Consider the case of jpmorgan chase. DURING its earnings call on July 14, The Bank Announced that it has enjoyed quite a good Quarter, everything consider, posting $ 4.7 Billion in profits. “In the normal recession,” Jpmorgan Ceo Jamie Dimon Said on the Call, “Unelployment Goes Up, Delinquencies Go Up, Charge-Offs”-Delinquent Loans the Bank Expects Never to Collect-“Go Up, Home Price Down.” But this isn’t a normal recession, and JPMORGAN ISN’t Experiencing the expert Rise in Borrower Delinquency. That’s in part Because Household incomes and savings have actually reinforce during the crisis, Owing to government aid and reduced consumption. (One Factor That Bolstered JPMORGA’S Bottom Line Was a Significant Increase in the Balances that Customers Were Keeping in Their Accounts.) In the Second Quarter, the Bank Experienced $ 1.6 Billion in Charge-Offs, up only a Little from the same. Economy Was Strong.
The Bank’s Big Credit Loss Came From Setting Aside $ 8.9 Billion in Reservations – That Is, Losses JPMORGA Expects to Take on BorroWers Will Default on the Future, Here’s They Aren’t Being on Their Payments Yet. “You’re not going to see it right away, Because of all the stimulus, and in fact 60 percent or 70 Percent of the unemployed are MAKING MORE THAN THEY MAKING WERE WERKING,” Said Dimon. “So it is just Very Peculiar Times.”

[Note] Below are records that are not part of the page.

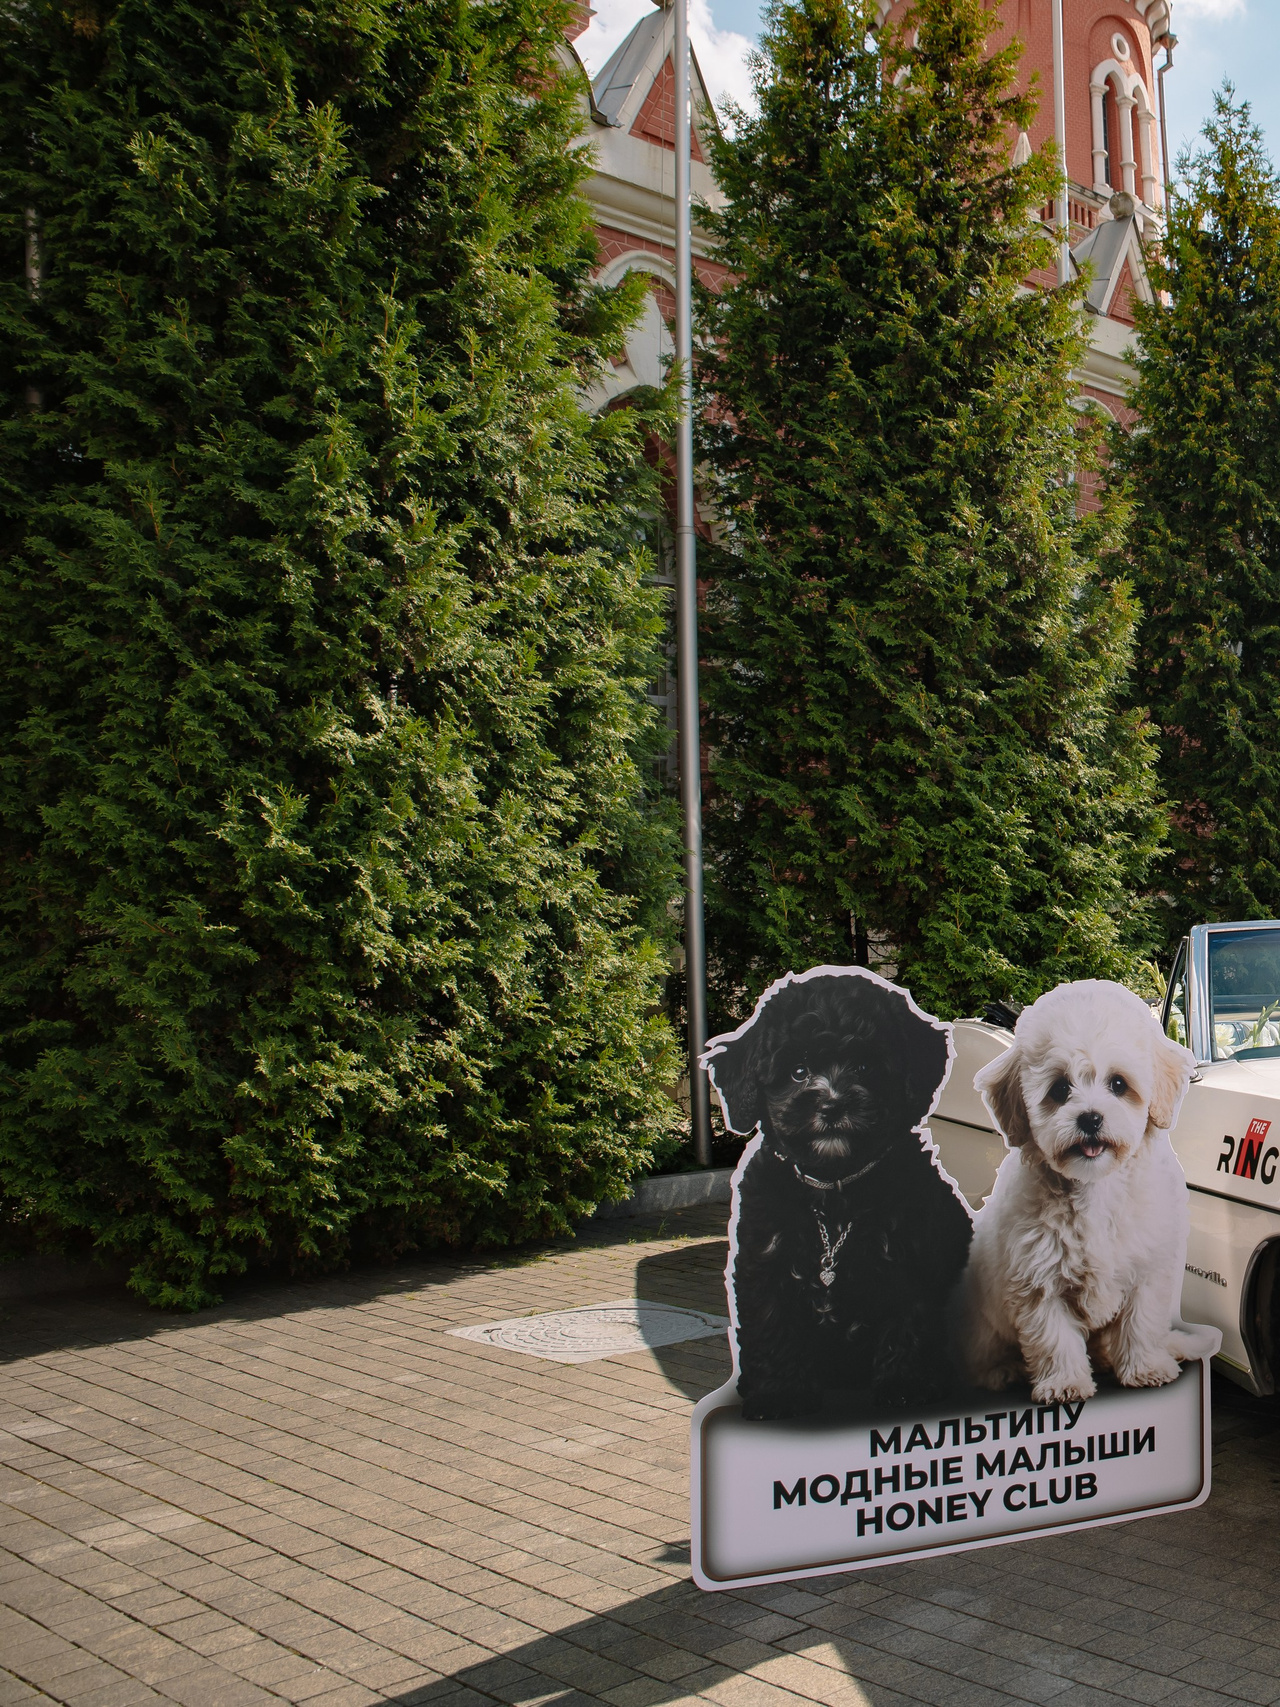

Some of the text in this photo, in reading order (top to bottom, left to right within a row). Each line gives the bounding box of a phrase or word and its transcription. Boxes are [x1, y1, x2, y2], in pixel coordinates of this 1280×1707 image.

[1250, 1120, 1268, 1135] THE
[1216, 1134, 1280, 1185] RING
[869, 1400, 1086, 1458] МАЛЬТИПУ
[772, 1426, 1156, 1510] МОДНЫЕ МАЛЫШИ
[856, 1472, 1099, 1538] HONEY CLUB

A SIMILAR Expectation was reflected in earnings reports from wells fargo and citibank. To date, defaults at bot Banks have been modest – in part Because they have offered so many customers forbearans on their loans, allowing say to miss some payments going into default. But the BOTH Banks Expect the Credit Environment to Deteriorate in The Future.

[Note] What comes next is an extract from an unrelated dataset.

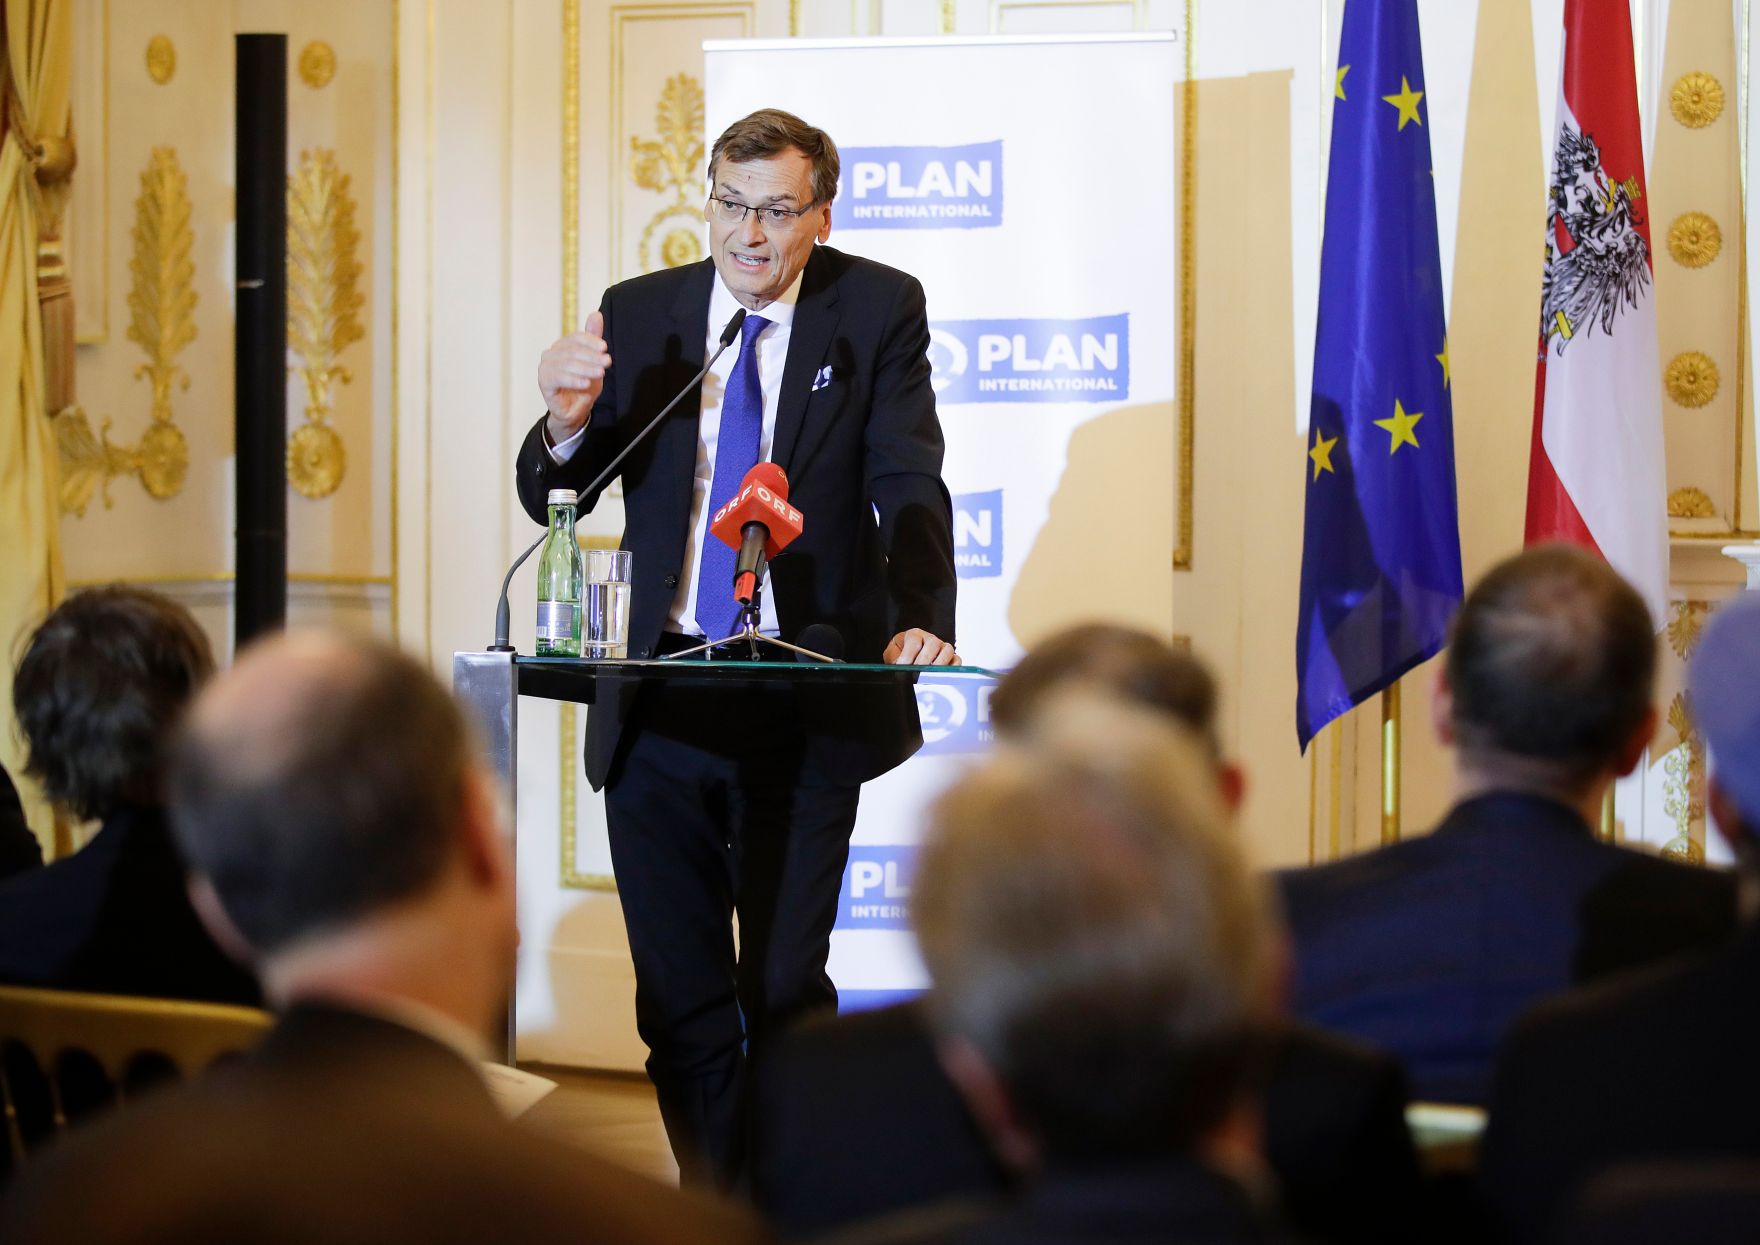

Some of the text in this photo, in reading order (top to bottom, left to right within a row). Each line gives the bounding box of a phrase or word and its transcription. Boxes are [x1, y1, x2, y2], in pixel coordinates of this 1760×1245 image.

How Much, of Course, Is Anyone’s Guess. JPMORGAN SAID ITS PROJECTIONS OF LOAN LOSSES ARE BUILT AROUND A “BASE CASE” WHERE WE END THE YEAR WITH UNEMPLOYMENT AROUND 11 PERCENT BUT AT THE SCALE ALLOWING FOR THEN WORKE ECONOMIC OUTCOMES. If the economy recovers more quickly, the bank may not need it $ 8.9 Billion in reserves it set aside to cover anticipated defaults; It can reverse say late, boosting its profits in futures quarters. But if the economy gets a lotse, the bank will love more Money on Bad Loans. In 2008, Loan Defaults Were a Driver of a wider Economic Crisis, As Banks Failed and Credit Dried Up, Making It Harder for Consumers to SPEND. Fortunately, we entered this crisis with both banks and households in stronger positions this time around, with more room to absorb financial shocks. But Additional default loans will be a sign of financial hardships, if they do not cause the snowballing we saw Last time.
A fundamental Question for the Economy – That That Will Determine How Many Consumers and Businesses are able to the Financial Obligations, and Whether JPMORGAN WAS RIGHT TO SET ASIDE BILLIONS FOR BAD LOANS HAVEN’T HAVEN’T HAVEN’T GONE BAD YET – IS How Temporary Failures. If Businesses are able to operate normally Sometime Next Year, How Many Will Fail BetWene Now and Then Bechause We Proved Incapable of Suppressing the virus, unlike so many other Countries? Business Failures have permanent Costs for Both owners and workers: the income and productivity they loose in the short term, this is the same able to make a successFul transition to the new forms of entrepreneurship and emploment, are gone forever. In the end, the incompetence that has been to the virus rage acroSs so Much of the Country May Well Cause Economic Hardships that Long Outlast the Epidemiological Ones.